The discussion with professor Bruce McEwen, head of the Harold and Margaret Milliken Hatch Laboratory of Neuroendocrinology, was titled “The Brain on Stress: How the Social Environment ‘Gets Under the Skin.’”
McEwen spoke at Harvard a day after receiving the Edward M. Skolnick Prize in Neuroscience from MIT, described by professor Jack P. Shonkoff, director of the Center on the Developing Child at Harvard, as one of the highest honors in the field.
McEwen said that the best treatments for severe stress may be found, not in medication, but through confidence-building, a well-balanced diet, and routine exercise.
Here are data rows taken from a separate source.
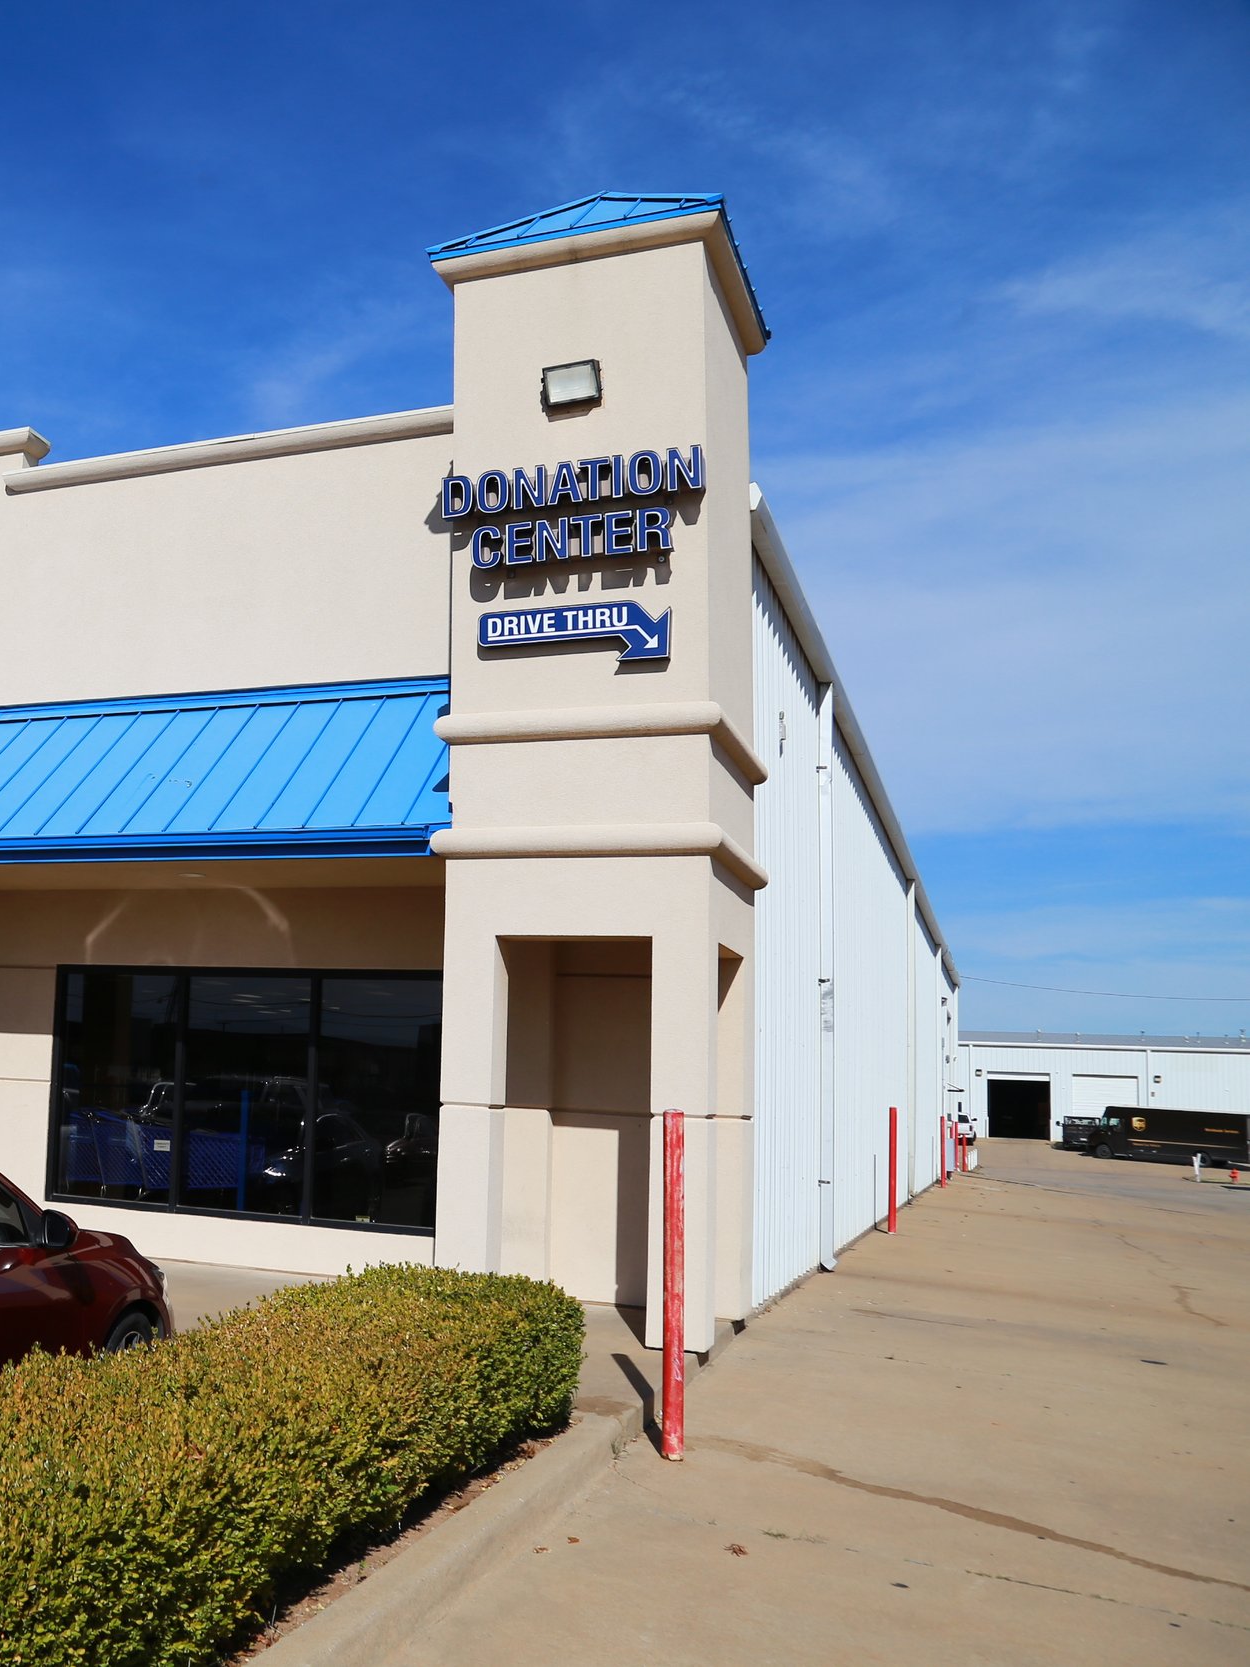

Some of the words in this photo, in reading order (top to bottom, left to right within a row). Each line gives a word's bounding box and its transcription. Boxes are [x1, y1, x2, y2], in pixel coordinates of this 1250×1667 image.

[441, 444, 705, 519] DONATION
[471, 507, 673, 569] CENTER
[487, 612, 556, 637] DRIVE
[563, 606, 628, 630] THRU
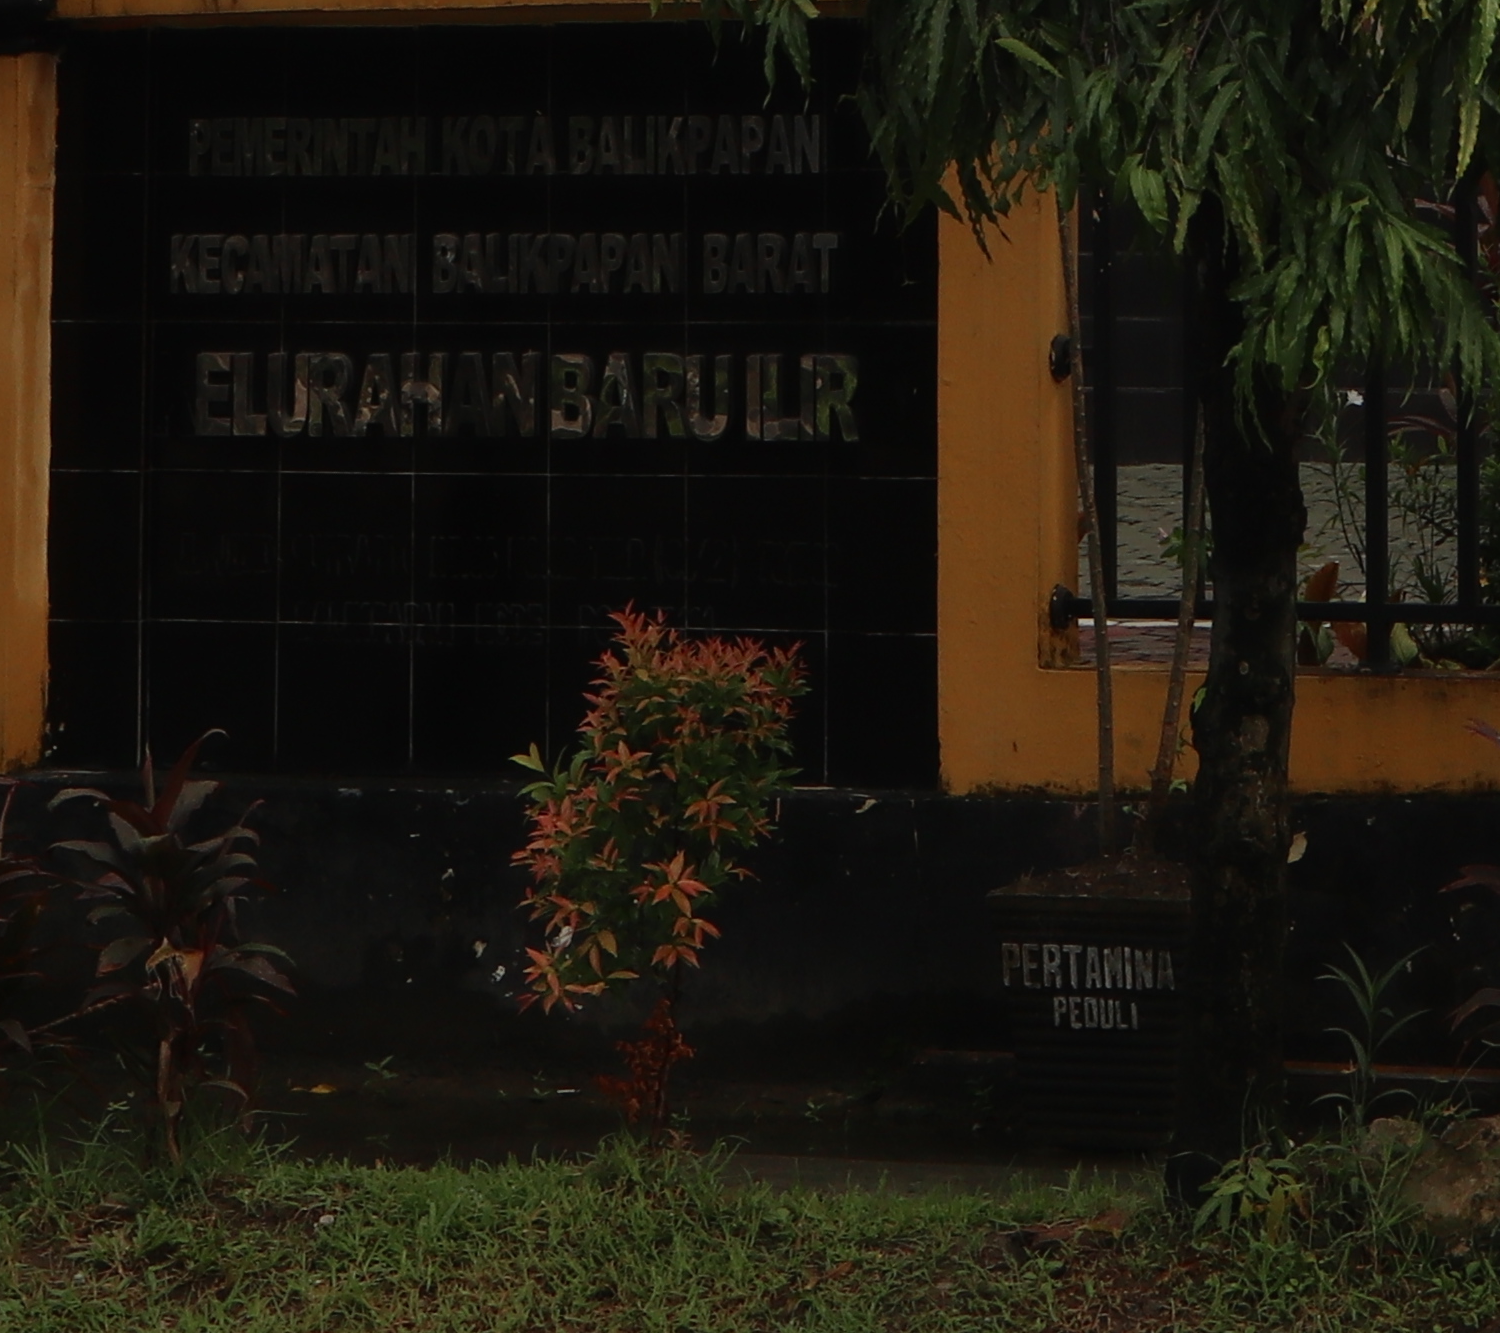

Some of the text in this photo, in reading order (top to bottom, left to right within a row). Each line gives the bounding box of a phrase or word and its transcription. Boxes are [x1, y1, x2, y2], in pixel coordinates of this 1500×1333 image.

[188, 113, 822, 177] PEMERINTAH KOTA BALIKPAPAN
[169, 231, 839, 295] KECAMATAN BALIKPAPAN BARAT
[547, 351, 730, 442] BARU
[744, 351, 861, 443] ILIR
[1001, 942, 1176, 991] PERTAMINA
[1052, 995, 1139, 1031] PEDULI
So for the overworked, under-slept college student, he said, a healthy lifestyle includes good time management, prioritizing important tasks, and not becoming overwhelmed.
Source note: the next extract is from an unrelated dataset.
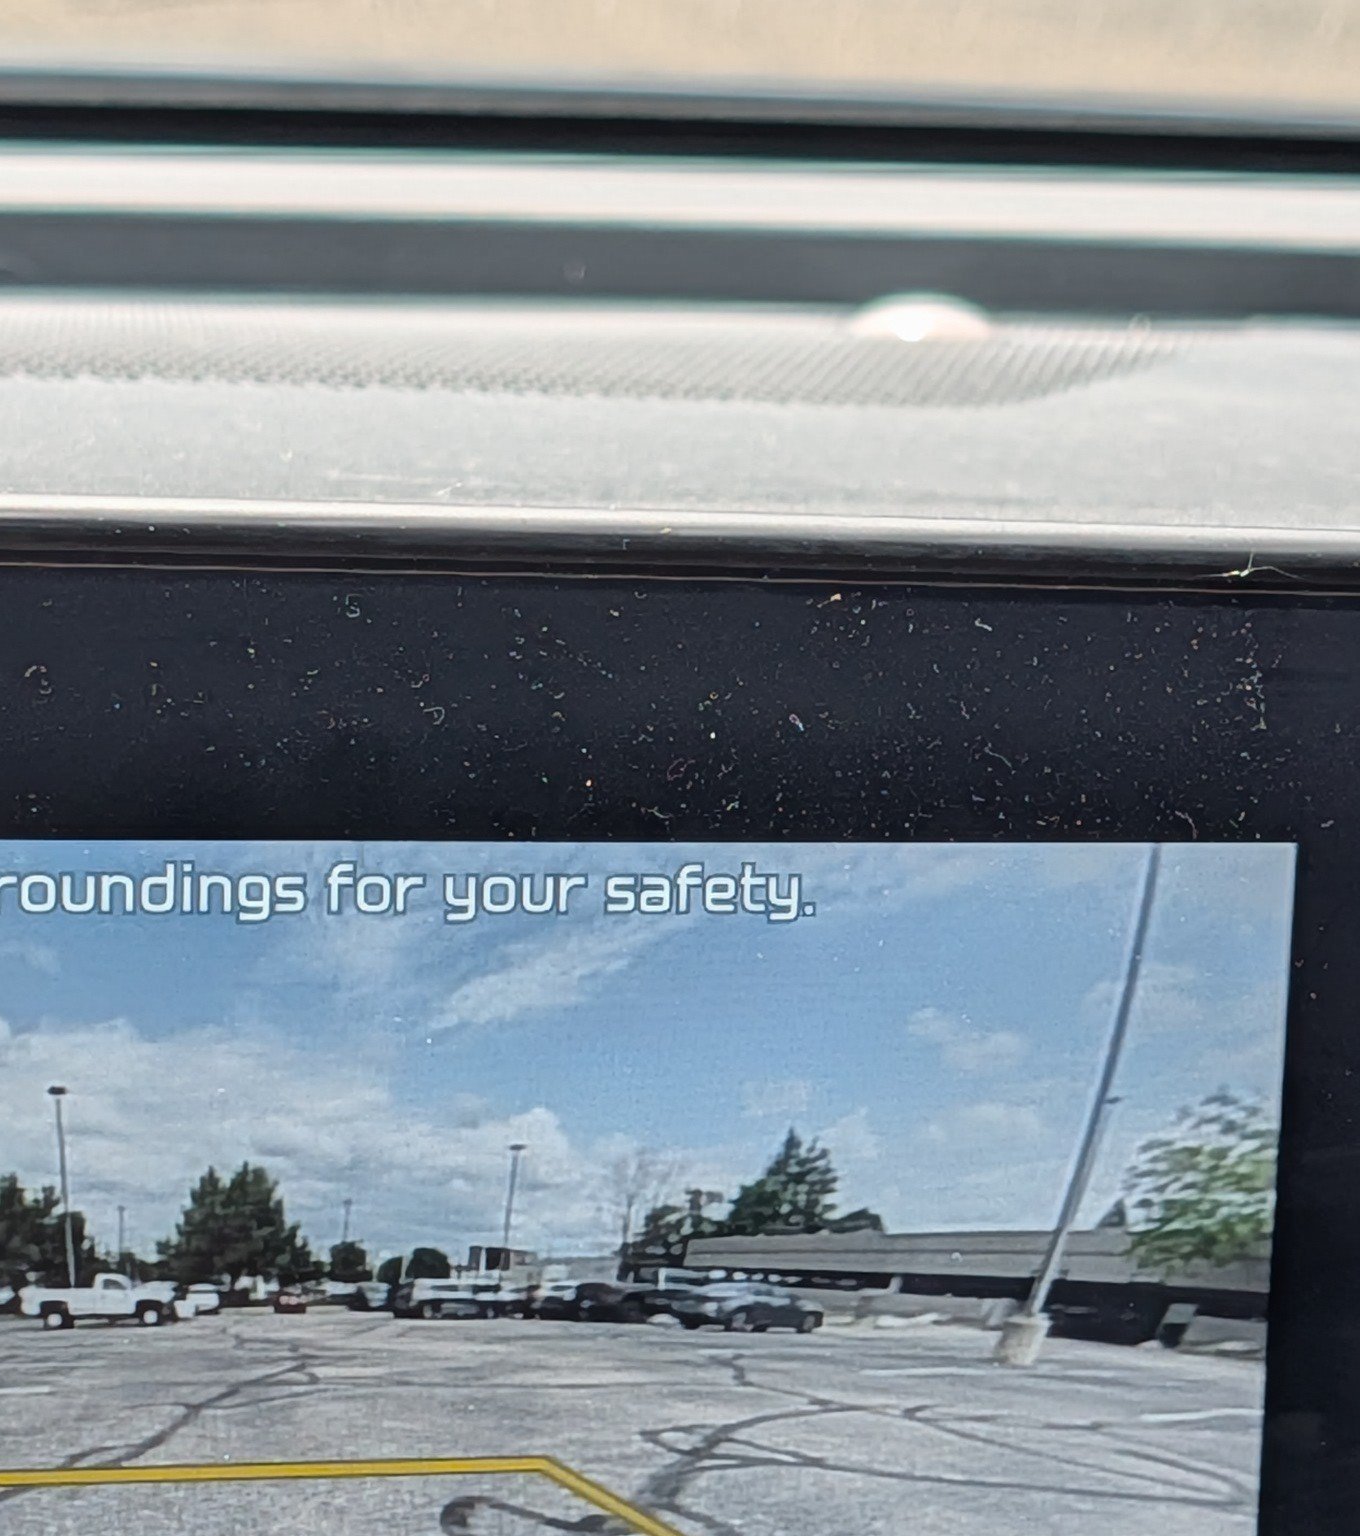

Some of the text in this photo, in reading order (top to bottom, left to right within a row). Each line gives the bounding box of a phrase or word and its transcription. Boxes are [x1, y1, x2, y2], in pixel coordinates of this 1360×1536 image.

[327, 860, 425, 914] for
[444, 873, 586, 922] your
[605, 862, 815, 922] safety.
McEwen explained that stress is caused by a variety of medical and experiential factors.
Experimentation has shown, he said, that brain structures have a certain degree of “plasticity,” meaning that their size and conformations can be modified over time in response to environmental cues.
He said that stress can act as a cue, and “molds” the brain by changing the way it processes anxiety, mood, and memory.
While this can help elicit the appropriate immediate response from the body, chronic brain moldings due to stress, in the long-term, can damage memory, learning ability, and social behaviors.
He said chronic stress may limit the formation of new nerve cells and lead to shrinkage of the hippocampus, a brain region fundamental to forming memories.
The good news though, McEwen said, is that much of the stress-induced brain remodeling is reversible.
Routine exercise stimulates growth in the hippocampus, and exercising in groups also fosters neuron development.
McEwen’s presentation was particularly appropriate for the sleep-deprived college student.
Sleep deprivation, he said, is a major cause and result of physiologic stress.
Poor sleeping habits have also been shown to increase the levels of brain chemicals that impair sociability.
James Herman, a professor of psychology at the University of Cincinnati and director of the Stress Neurobiology Laboratory, said his research has also demonstrated the negative impact stress can have on late adolescence, at least among animals.
“The forefront [of research] now is that the brain keeps its plasticity up until adolescence,” he said.
“Our group has shown that in late-adolescence animals that are given chronic stress exposure show a much greater physiological response ... than during early adolescence or when the animals are adults,” Herman said.